▶ [Required work]:
No images, please. Copy each entry below exactly as it reads.

▶ [Working data]:
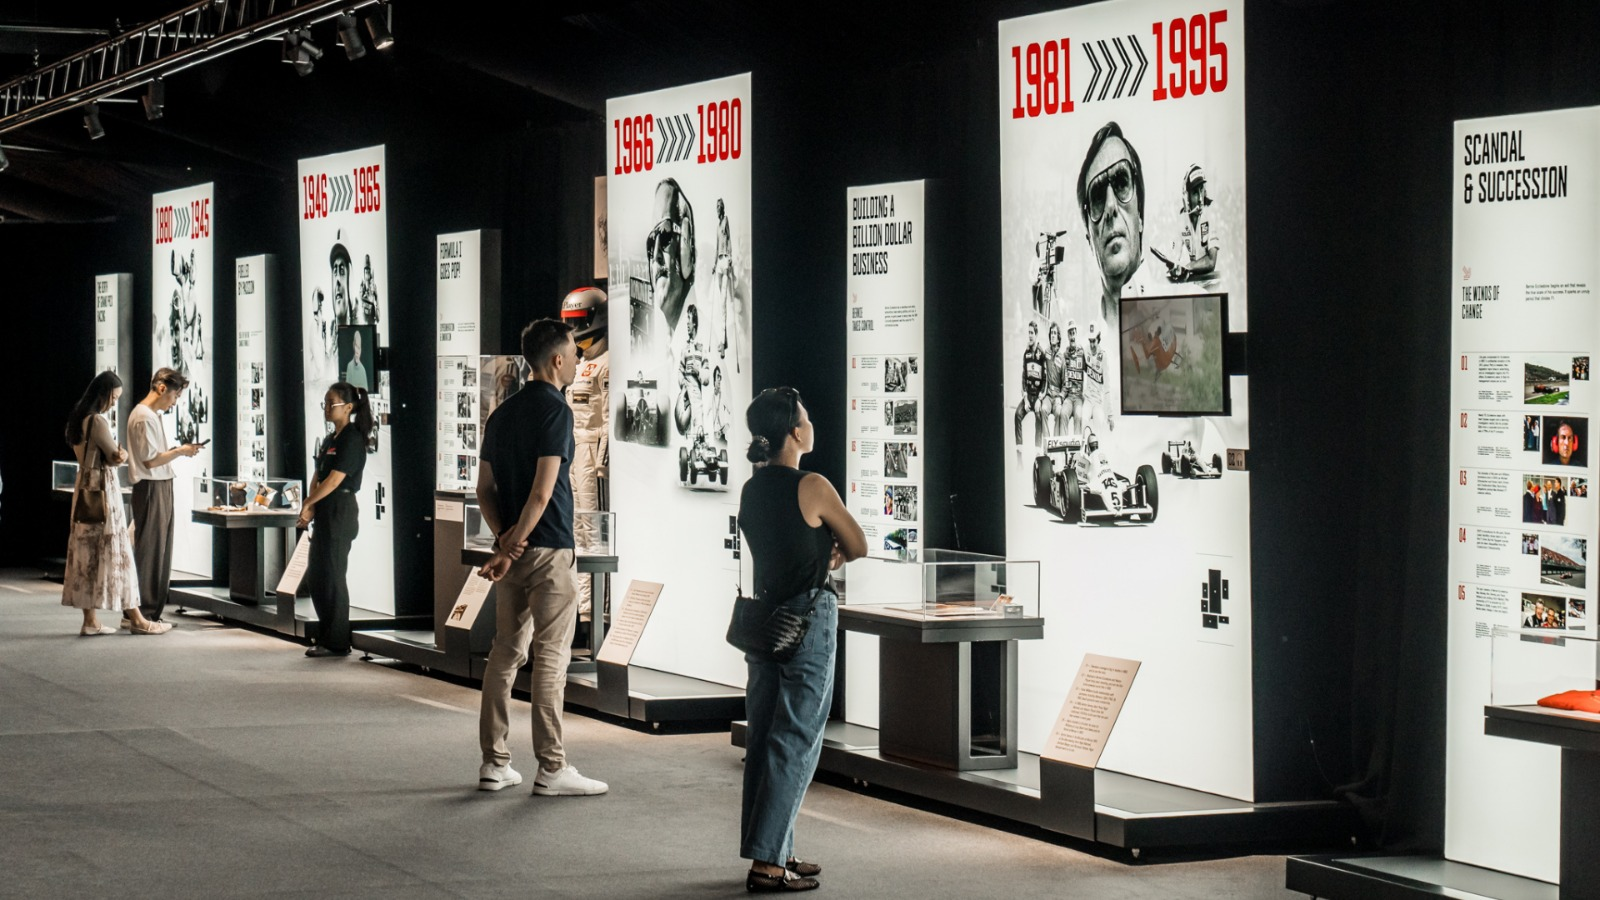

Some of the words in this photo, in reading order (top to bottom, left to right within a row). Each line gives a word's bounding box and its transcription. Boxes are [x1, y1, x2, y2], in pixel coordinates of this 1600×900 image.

[1012, 38, 1074, 119] 1981
[1152, 9, 1228, 101] 1995
[614, 113, 654, 175] 1966
[697, 97, 742, 164] 1980
[1464, 130, 1526, 166] SCANDAL
[303, 173, 328, 220] 1946
[353, 164, 381, 214] 1965
[1464, 173, 1474, 204] &
[1478, 165, 1568, 203] SUCCESSION
[853, 195, 888, 220] BUILDING
[889, 195, 895, 217] A
[156, 205, 173, 245] 1880
[191, 198, 209, 240] 1945
[853, 223, 883, 248] BILLION
[884, 221, 912, 246] DOLLAR
[440, 242, 459, 259] FORMULA
[440, 262, 450, 280] GOES
[853, 251, 888, 276] BUSINESS
[1462, 286, 1472, 301] THE
[1473, 286, 1492, 301] WINDS
[1493, 285, 1500, 300] OF
[1462, 304, 1483, 319] CHANGE
[1461, 355, 1468, 371] 01
[1460, 412, 1467, 428] 02
[1459, 470, 1467, 486] 03
[1111, 492, 1121, 506] 5
[1459, 527, 1466, 543] 04
[1458, 584, 1466, 600] 05
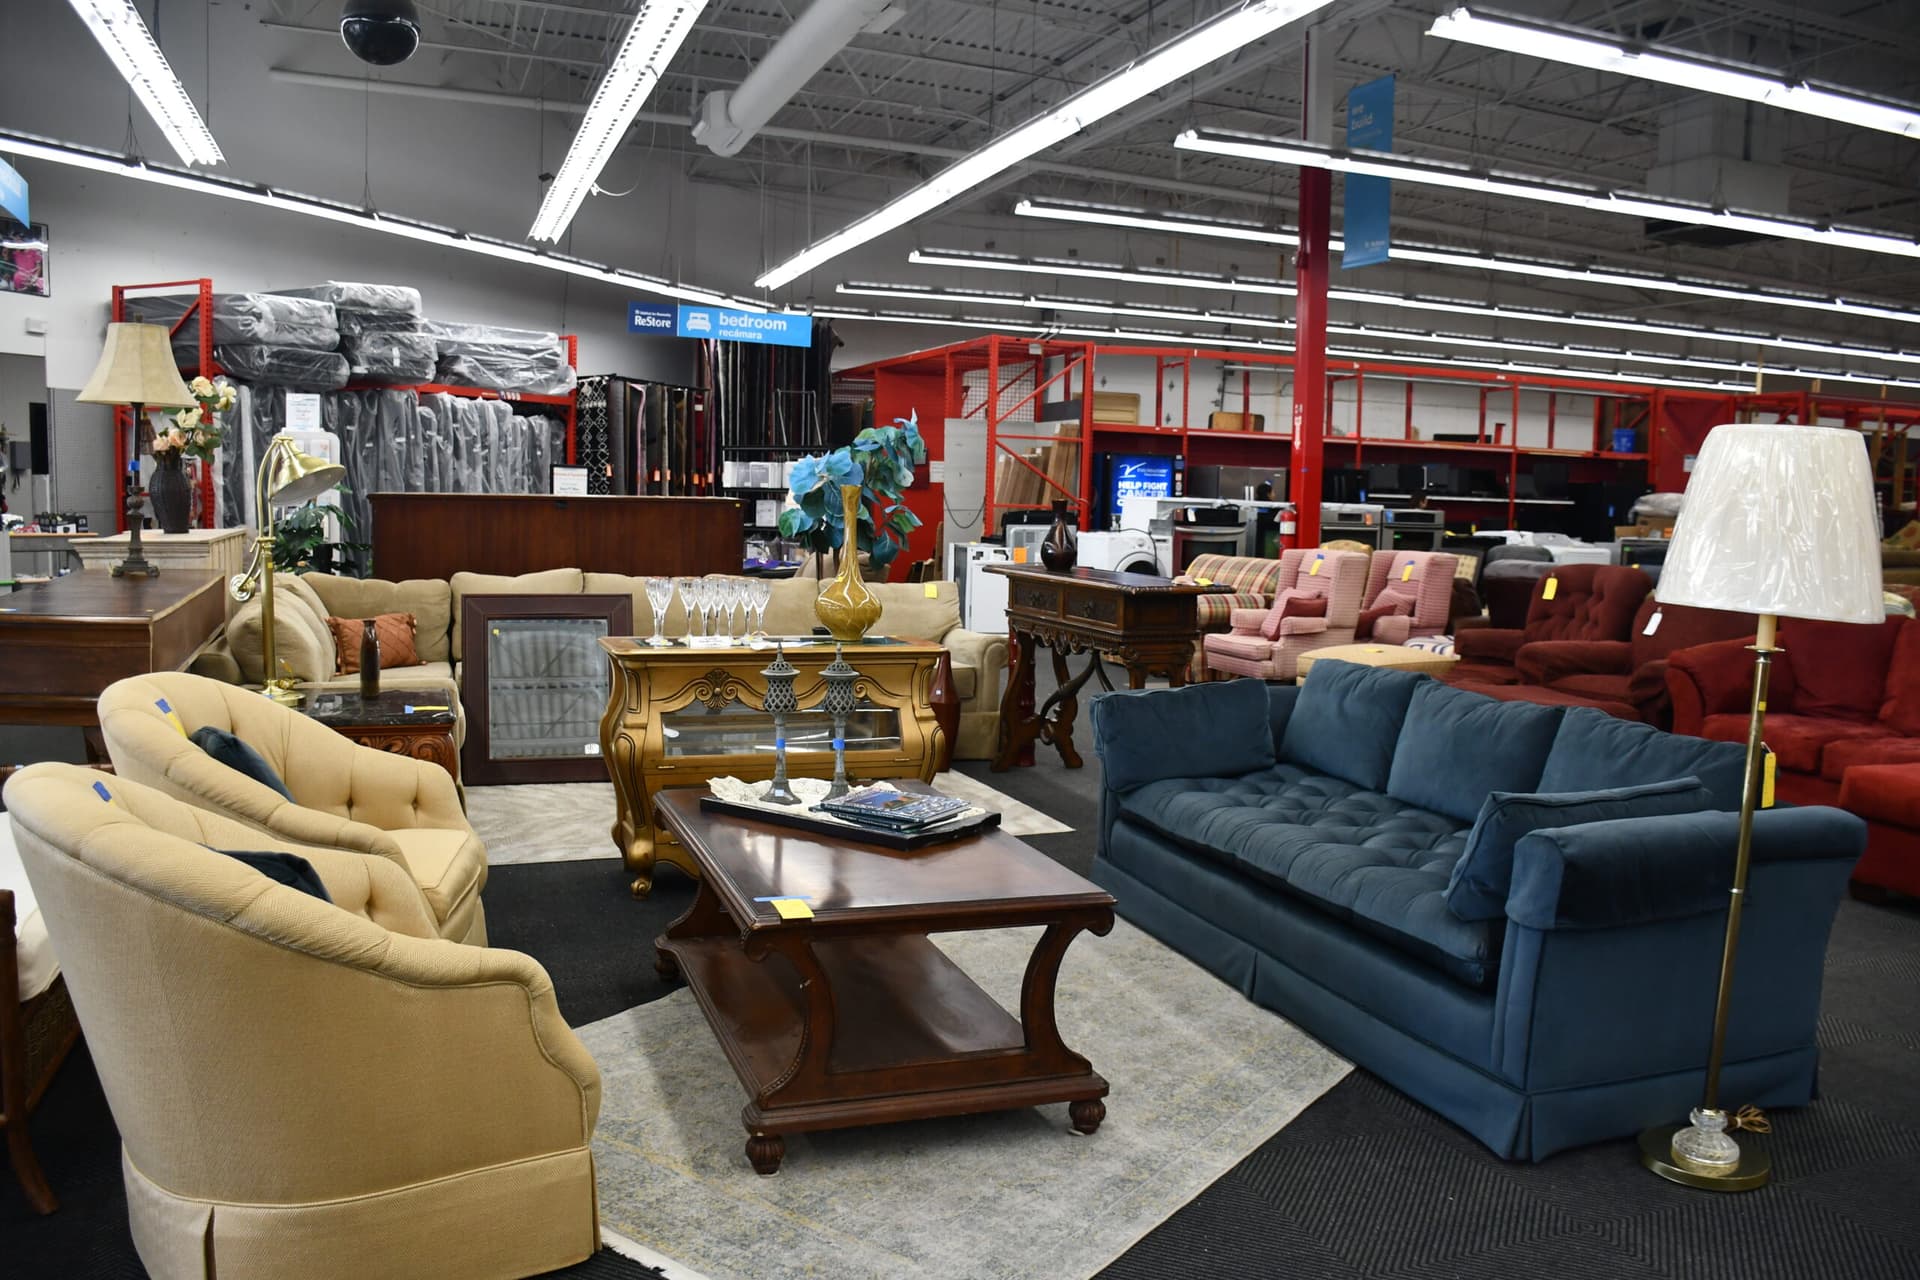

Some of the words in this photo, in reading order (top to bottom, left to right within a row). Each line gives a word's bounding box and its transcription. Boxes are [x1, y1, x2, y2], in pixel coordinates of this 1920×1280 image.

[634, 315, 672, 328] ReStore
[719, 311, 788, 331] bedroom
[719, 328, 763, 340] recámara
[1117, 480, 1142, 490] HELP
[1143, 481, 1168, 491] FIGHT
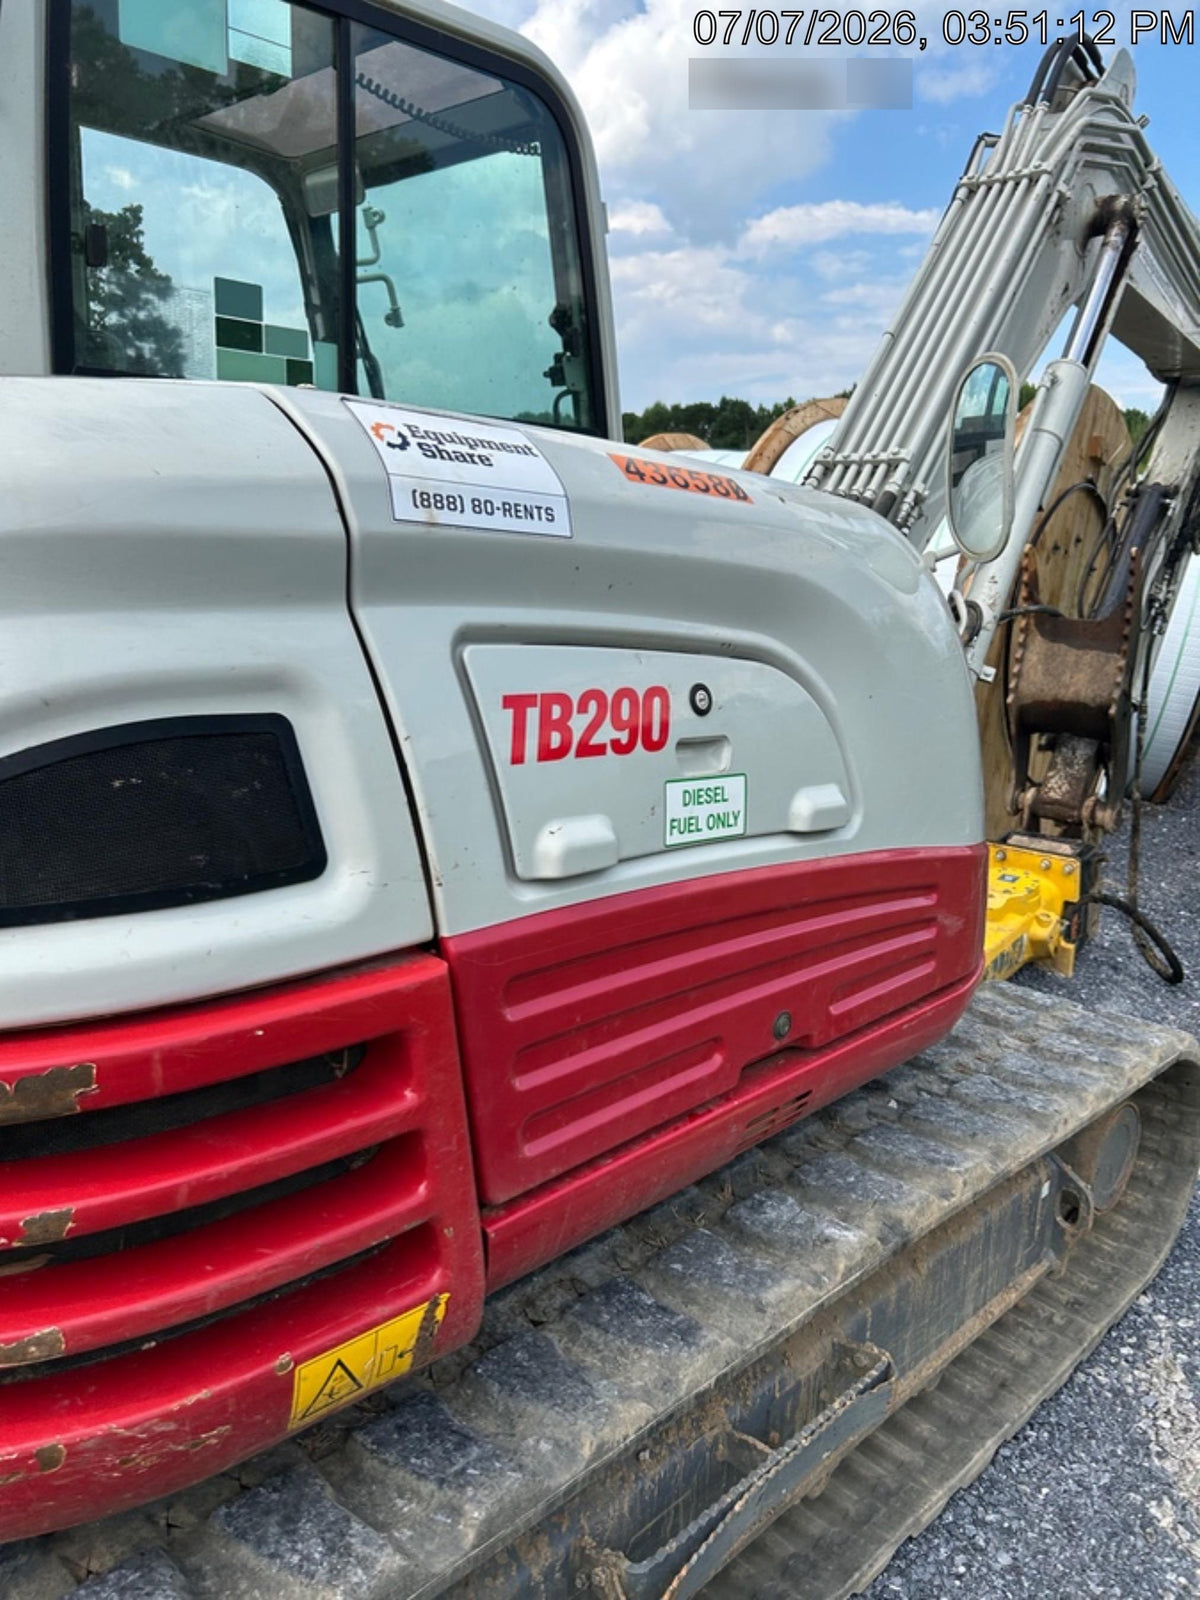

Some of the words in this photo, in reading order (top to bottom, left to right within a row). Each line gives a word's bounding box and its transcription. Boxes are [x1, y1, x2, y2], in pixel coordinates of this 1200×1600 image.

[406, 424, 539, 458] Equipment
[420, 441, 494, 467] Share
[411, 488, 465, 516] (888)
[471, 497, 556, 522] 80-RENTS
[502, 685, 671, 765] TB290
[682, 786, 729, 807] DIESEL
[669, 818, 703, 837] FUEL
[706, 810, 741, 831] ONLY
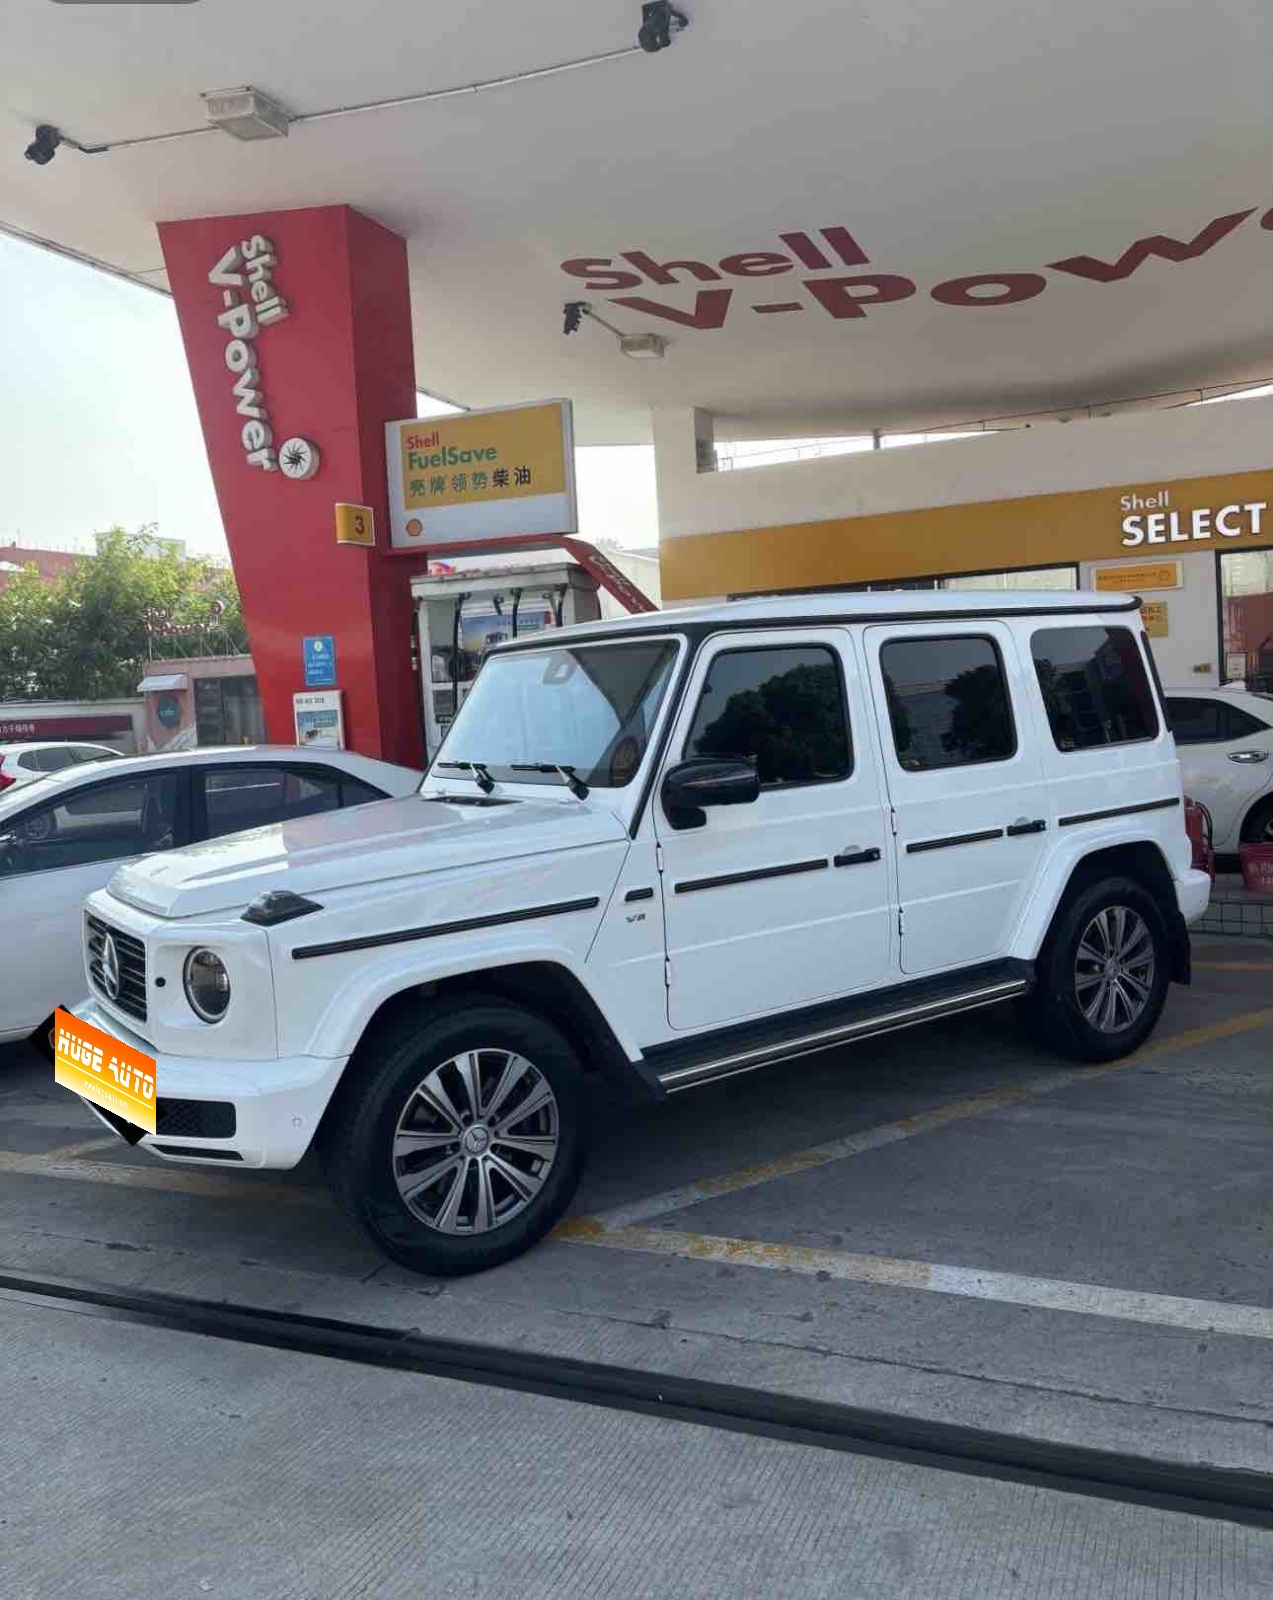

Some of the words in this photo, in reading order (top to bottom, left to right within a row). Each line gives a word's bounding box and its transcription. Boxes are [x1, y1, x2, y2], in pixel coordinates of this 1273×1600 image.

[241, 235, 289, 326] Shell
[560, 226, 871, 291] Shell
[608, 206, 1273, 330] V-Pow
[208, 246, 279, 472] V-Power
[406, 430, 440, 450] Shell
[408, 446, 498, 470] FuelSave
[1120, 490, 1169, 512] Shell
[1121, 501, 1267, 547] SELECT
[354, 515, 366, 535] 3

▶ [Your response]:
Some of the words in this photo, in reading order (top to bottom, left to right within a row). Each line gives a word's bounding box and its transcription. Boxes are [x1, y1, x2, y2], in pixel coordinates of this 1600×900 image.

[1012, 38, 1074, 119] 1981
[1152, 9, 1228, 101] 1995
[614, 113, 654, 175] 1966
[697, 97, 742, 164] 1980
[1464, 130, 1526, 166] SCANDAL
[303, 173, 328, 220] 1946
[353, 164, 381, 214] 1965
[1464, 173, 1474, 204] &
[1478, 165, 1568, 203] SUCCESSION
[853, 195, 888, 220] BUILDING
[889, 195, 895, 217] A
[156, 205, 173, 245] 1880
[191, 198, 209, 240] 1945
[853, 223, 883, 248] BILLION
[884, 221, 912, 246] DOLLAR
[440, 242, 459, 259] FORMULA
[440, 262, 450, 280] GOES
[853, 251, 888, 276] BUSINESS
[1462, 286, 1472, 301] THE
[1473, 286, 1492, 301] WINDS
[1493, 285, 1500, 300] OF
[1462, 304, 1483, 319] CHANGE
[1461, 355, 1468, 371] 01
[1460, 412, 1467, 428] 02
[1459, 470, 1467, 486] 03
[1111, 492, 1121, 506] 5
[1459, 527, 1466, 543] 04
[1458, 584, 1466, 600] 05

Some of the words in this photo, in reading order (top to bottom, left to right within a row). Each line gives a word's bounding box and its transcription. Boxes are [x1, y1, x2, y2], in pixel coordinates of this 1920×1280 image.

[634, 315, 672, 328] ReStore
[719, 311, 788, 331] bedroom
[719, 328, 763, 340] recámara
[1117, 480, 1142, 490] HELP
[1143, 481, 1168, 491] FIGHT

Some of the words in this photo, in reading order (top to bottom, left to right within a row). Each line gives a word's bounding box and its transcription. Boxes are [x1, y1, x2, y2], in pixel coordinates of this 1200×1600 image.

[406, 424, 539, 458] Equipment
[420, 441, 494, 467] Share
[411, 488, 465, 516] (888)
[471, 497, 556, 522] 80-RENTS
[502, 685, 671, 765] TB290
[682, 786, 729, 807] DIESEL
[669, 818, 703, 837] FUEL
[706, 810, 741, 831] ONLY

Some of the words in this photo, in reading order (top to bottom, left to right within a row). Each line gives a word's bounding box and its transcription. Boxes are [x1, y1, x2, y2], in pixel coordinates of this 1273×1600 image.

[241, 235, 289, 326] Shell
[560, 226, 871, 291] Shell
[608, 206, 1273, 330] V-Pow
[208, 246, 279, 472] V-Power
[406, 430, 440, 450] Shell
[408, 446, 498, 470] FuelSave
[1120, 490, 1169, 512] Shell
[1121, 501, 1267, 547] SELECT
[354, 515, 366, 535] 3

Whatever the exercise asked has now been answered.